(Dataset entries)
———
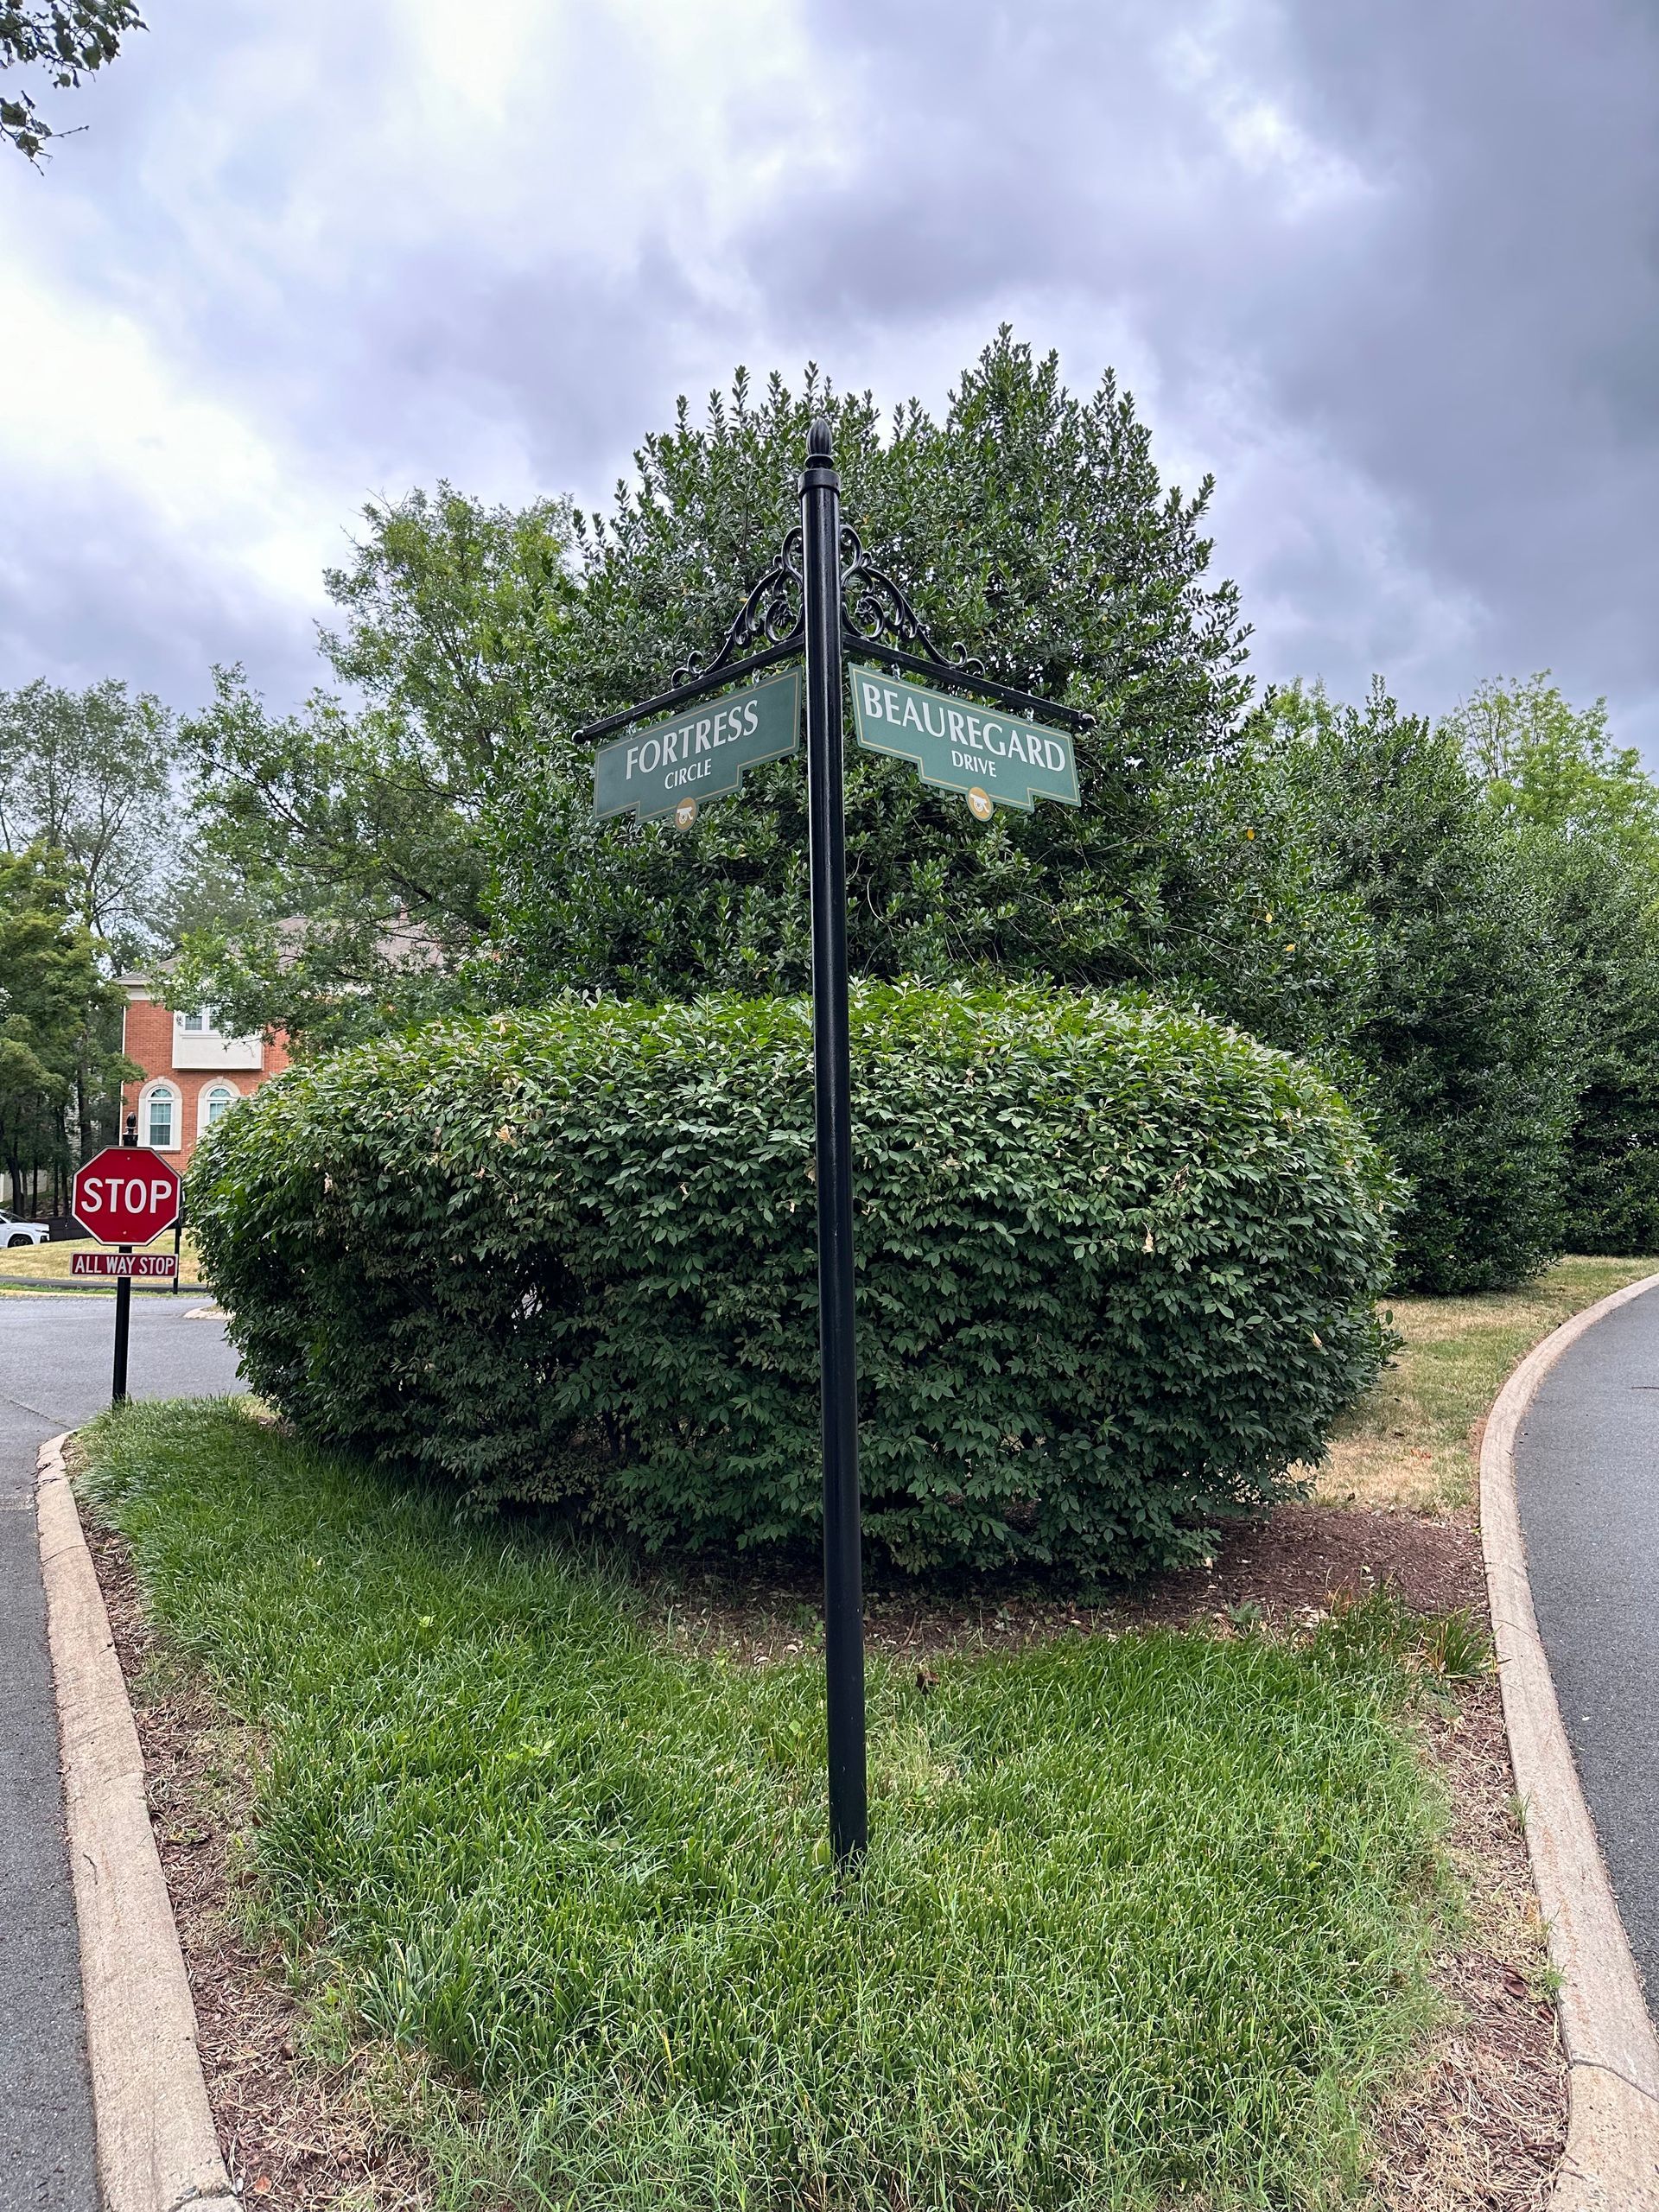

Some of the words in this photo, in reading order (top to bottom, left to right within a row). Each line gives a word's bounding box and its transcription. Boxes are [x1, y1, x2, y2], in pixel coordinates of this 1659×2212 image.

[626, 699, 759, 780] FORTRESS
[862, 683, 1065, 772] BEAUREGARD
[664, 758, 712, 790] CIRCLE
[951, 750, 997, 778] DRIVE
[80, 1177, 172, 1214] STOP
[74, 1255, 102, 1273] ALL
[106, 1256, 136, 1274] WAY
[138, 1256, 174, 1274] STOP
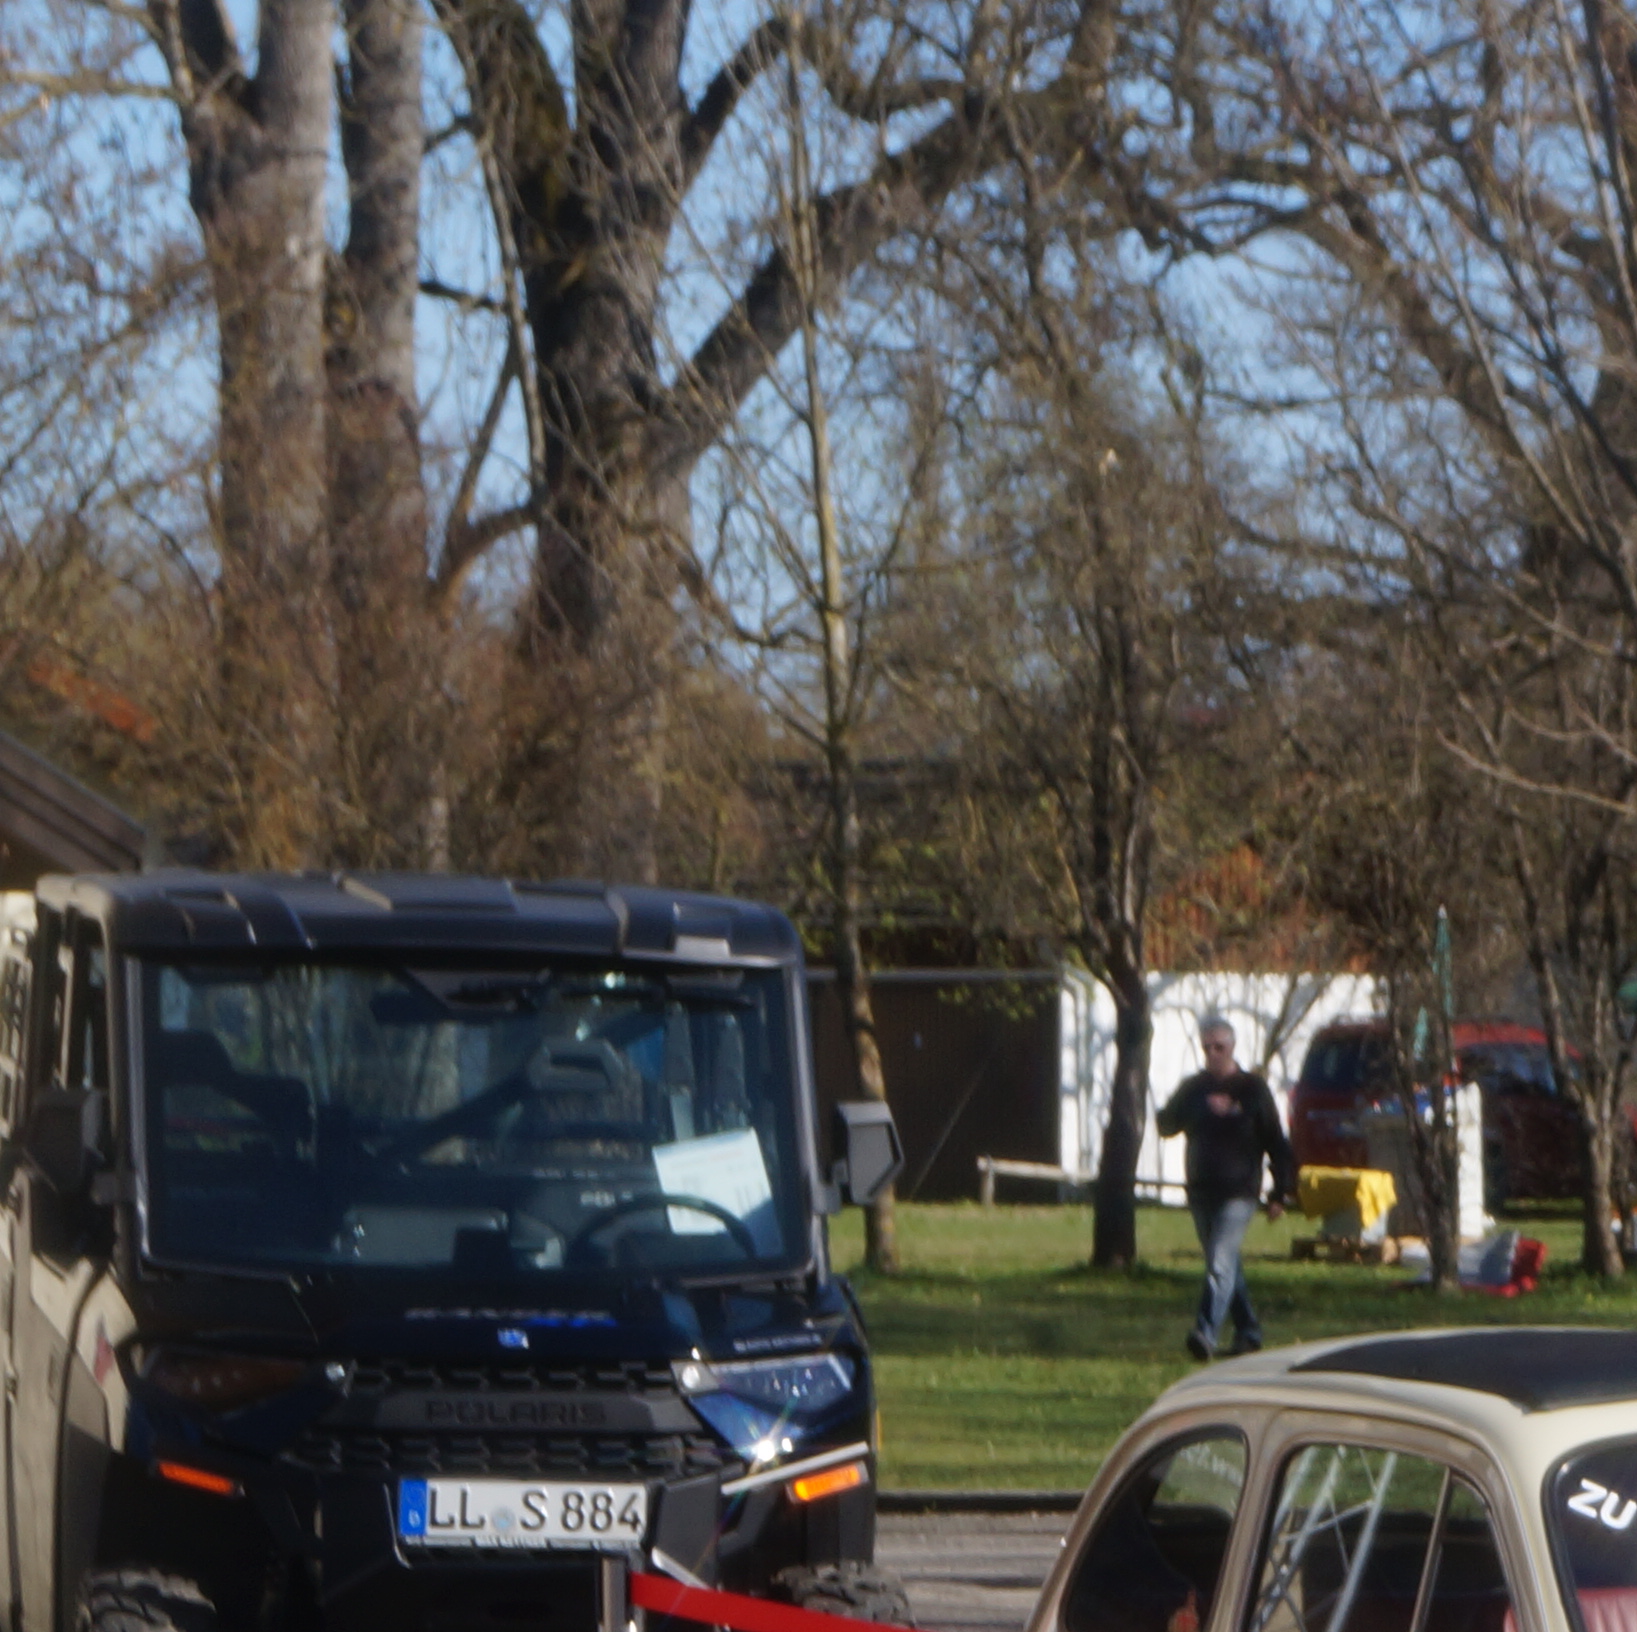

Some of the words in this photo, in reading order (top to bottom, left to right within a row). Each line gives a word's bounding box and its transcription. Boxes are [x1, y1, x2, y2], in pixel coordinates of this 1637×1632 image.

[425, 1401, 607, 1424] POLARIS
[431, 1486, 486, 1530] LL
[519, 1489, 548, 1531] S
[561, 1491, 643, 1533] 884
[1567, 1478, 1637, 1530] ZU
———
§ Required action
Each entry above should be reproduced exactly, with the pictures removed.

§ Answer section
Some of the words in this photo, in reading order (top to bottom, left to right within a row). Each line gives a word's bounding box and its transcription. Boxes are [x1, y1, x2, y2], in pixel coordinates of this 1659×2212 image.

[626, 699, 759, 780] FORTRESS
[862, 683, 1065, 772] BEAUREGARD
[664, 758, 712, 790] CIRCLE
[951, 750, 997, 778] DRIVE
[80, 1177, 172, 1214] STOP
[74, 1255, 102, 1273] ALL
[106, 1256, 136, 1274] WAY
[138, 1256, 174, 1274] STOP

Some of the words in this photo, in reading order (top to bottom, left to right within a row). Each line gives a word's bounding box and its transcription. Boxes are [x1, y1, x2, y2], in pixel coordinates of this 1637×1632 image.

[425, 1401, 607, 1424] POLARIS
[431, 1486, 486, 1530] LL
[519, 1489, 548, 1531] S
[561, 1491, 643, 1533] 884
[1567, 1478, 1637, 1530] ZU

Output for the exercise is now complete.